December 25th, 2009 by Admin

Many people come out to their families during this time of year when visiting with their families.  The holidays can be a stressful time for GLBT people or families with GLBT members, but there are several strategies that you can use to help reduce stress and create a happy holiday this year. If you are ready to come out here are some tips from PFLAG.

If you are gay, lesbian, bisexual or transgender…

Don’t assume you know how somebody will react to news of your sexual orientation or gender identity — you may be surprised.

Realize that your family’s reaction to you may not be because you are GLBT. The hectic holiday pace may cause family members to act differently than they would under less stressful conditions.

Remember that “coming out” is a continuous process. You may have to “come out” many times.

Don’t wait for your family’s attitude to change to have a special holiday. Recognize that your parents need time to acknowledge and accept that they have a GLBT child. It took you time to come to terms with who you are; now it is your family’s turn.

Let your family’s judgments be theirs to work on, as long as they are kind to you.

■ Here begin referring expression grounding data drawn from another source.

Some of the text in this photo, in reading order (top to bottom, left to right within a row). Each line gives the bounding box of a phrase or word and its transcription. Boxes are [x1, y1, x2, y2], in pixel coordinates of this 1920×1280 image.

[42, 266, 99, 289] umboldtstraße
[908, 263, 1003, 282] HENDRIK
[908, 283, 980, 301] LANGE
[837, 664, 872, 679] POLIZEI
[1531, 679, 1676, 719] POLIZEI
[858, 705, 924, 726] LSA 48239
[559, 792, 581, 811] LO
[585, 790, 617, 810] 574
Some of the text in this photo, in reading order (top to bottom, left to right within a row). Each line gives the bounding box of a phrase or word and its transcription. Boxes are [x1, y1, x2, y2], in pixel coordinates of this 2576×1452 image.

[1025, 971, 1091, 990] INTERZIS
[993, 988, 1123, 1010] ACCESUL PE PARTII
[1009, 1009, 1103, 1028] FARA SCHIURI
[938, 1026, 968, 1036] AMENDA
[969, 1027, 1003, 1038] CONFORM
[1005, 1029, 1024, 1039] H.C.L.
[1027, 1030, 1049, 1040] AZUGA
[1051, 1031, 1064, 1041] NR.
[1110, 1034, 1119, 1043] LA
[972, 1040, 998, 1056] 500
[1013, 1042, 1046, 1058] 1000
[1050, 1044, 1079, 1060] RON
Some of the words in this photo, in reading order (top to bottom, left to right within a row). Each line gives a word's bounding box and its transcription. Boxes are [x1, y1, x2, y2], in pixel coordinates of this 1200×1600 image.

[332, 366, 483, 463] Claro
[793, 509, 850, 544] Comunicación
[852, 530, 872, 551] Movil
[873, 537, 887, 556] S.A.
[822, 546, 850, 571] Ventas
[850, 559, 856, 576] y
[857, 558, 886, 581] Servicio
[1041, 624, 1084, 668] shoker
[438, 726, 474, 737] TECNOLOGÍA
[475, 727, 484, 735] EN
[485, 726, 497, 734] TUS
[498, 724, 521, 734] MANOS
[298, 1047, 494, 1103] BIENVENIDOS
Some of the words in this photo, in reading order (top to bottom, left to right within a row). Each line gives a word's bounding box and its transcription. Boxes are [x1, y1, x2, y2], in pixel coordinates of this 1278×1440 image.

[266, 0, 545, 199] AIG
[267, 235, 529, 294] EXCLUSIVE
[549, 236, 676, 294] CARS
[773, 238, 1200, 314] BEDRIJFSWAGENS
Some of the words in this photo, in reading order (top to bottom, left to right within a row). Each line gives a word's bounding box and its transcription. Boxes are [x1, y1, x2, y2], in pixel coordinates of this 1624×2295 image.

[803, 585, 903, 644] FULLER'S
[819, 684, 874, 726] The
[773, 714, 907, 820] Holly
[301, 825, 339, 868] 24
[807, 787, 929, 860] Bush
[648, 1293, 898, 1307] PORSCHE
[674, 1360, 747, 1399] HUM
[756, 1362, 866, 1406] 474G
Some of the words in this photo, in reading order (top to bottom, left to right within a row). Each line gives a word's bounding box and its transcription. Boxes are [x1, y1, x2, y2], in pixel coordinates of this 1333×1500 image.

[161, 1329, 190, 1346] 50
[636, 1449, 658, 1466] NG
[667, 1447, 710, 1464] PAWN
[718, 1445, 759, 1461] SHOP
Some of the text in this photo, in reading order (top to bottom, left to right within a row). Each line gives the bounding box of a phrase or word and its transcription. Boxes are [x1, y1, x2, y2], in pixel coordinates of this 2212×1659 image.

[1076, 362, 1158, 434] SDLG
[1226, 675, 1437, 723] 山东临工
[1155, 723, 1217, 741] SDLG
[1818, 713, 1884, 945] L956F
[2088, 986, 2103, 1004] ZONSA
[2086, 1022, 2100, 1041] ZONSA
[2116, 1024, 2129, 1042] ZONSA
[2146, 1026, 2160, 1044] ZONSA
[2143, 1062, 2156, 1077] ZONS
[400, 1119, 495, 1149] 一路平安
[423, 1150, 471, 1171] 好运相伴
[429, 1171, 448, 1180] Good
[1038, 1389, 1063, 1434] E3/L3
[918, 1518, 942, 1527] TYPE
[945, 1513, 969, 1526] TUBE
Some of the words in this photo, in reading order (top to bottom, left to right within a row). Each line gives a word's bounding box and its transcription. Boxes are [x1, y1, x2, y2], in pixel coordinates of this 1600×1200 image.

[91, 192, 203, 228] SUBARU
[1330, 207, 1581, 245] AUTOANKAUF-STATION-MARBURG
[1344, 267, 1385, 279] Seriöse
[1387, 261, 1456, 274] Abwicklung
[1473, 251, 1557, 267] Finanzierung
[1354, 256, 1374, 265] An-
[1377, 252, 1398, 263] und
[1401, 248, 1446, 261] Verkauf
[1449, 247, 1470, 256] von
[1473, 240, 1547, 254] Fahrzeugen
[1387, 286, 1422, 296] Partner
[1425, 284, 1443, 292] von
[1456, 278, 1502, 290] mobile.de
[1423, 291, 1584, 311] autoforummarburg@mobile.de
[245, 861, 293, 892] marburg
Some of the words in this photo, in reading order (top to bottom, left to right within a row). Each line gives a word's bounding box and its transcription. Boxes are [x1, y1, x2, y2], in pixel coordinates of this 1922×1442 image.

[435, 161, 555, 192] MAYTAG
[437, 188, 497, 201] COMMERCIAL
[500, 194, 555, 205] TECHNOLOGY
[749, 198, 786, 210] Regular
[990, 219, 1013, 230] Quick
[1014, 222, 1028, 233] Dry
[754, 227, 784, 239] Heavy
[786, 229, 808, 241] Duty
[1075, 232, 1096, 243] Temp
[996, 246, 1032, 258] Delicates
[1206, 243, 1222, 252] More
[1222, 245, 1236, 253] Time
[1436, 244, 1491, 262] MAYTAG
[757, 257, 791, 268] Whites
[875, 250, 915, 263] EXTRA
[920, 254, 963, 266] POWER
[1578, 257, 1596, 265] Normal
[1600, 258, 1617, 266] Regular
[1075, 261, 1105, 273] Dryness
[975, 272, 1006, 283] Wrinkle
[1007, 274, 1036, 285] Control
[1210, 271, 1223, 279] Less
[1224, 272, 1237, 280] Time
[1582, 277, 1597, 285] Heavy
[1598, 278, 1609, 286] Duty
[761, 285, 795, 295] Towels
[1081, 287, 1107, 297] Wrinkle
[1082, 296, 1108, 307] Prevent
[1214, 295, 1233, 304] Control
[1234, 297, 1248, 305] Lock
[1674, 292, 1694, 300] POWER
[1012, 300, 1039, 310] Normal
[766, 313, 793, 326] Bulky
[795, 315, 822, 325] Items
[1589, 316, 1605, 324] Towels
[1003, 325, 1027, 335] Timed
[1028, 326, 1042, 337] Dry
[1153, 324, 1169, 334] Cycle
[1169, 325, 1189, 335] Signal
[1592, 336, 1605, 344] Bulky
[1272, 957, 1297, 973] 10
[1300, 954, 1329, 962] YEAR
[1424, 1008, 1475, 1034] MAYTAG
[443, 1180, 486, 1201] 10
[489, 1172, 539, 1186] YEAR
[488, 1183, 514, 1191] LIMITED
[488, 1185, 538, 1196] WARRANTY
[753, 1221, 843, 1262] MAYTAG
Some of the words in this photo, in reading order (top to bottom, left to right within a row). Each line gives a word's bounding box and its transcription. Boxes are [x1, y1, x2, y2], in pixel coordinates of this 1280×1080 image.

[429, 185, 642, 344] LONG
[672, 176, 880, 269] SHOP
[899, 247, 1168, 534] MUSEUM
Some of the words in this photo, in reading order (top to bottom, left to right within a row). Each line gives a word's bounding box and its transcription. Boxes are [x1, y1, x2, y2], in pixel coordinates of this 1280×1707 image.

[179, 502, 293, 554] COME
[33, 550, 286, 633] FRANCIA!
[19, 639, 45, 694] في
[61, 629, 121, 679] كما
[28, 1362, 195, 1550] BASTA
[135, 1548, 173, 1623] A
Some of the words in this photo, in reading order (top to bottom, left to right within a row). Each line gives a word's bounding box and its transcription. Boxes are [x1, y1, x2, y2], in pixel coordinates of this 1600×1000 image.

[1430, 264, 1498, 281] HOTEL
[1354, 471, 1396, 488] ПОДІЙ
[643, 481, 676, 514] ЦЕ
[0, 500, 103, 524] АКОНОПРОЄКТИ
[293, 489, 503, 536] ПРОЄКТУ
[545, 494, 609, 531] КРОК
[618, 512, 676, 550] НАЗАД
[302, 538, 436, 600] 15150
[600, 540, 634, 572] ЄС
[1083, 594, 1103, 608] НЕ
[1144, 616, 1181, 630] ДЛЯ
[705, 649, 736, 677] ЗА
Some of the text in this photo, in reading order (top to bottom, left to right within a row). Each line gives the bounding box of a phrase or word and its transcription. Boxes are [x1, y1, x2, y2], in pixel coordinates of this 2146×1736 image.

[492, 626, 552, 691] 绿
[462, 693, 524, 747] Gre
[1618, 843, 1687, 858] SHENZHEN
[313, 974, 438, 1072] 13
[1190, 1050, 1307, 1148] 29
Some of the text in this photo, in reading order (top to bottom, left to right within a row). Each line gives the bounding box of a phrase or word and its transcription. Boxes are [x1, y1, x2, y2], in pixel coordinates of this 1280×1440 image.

If it is too difficult to be with your family, create your own holiday gathering with friends and loved ones.

If you are transgender, be gentle with your family’s pronoun “slips.” Let them know you know how difficult it is.

Before the visit…

Make a decision about being “out” to each family member before you visit.

If you are partnered, discuss in advance how you will talk about your relationship, or show affection with one another, if you plan to make the visit together.

If you bring your partner home, don’t wait until late into the holiday evening to raise the issue of sleeping arrangements. Make plans in advance.

Have alternate plans if the situation becomes difficult at home.

Find out about local GLBT resources.

If you do plan to “come out” to your family over the holidays, have support available, including PFLAG publications and the number of a local PFLAG chapter.

During the visit…

Focus on common interests.

Reassure family members that you are still the same person they have always known.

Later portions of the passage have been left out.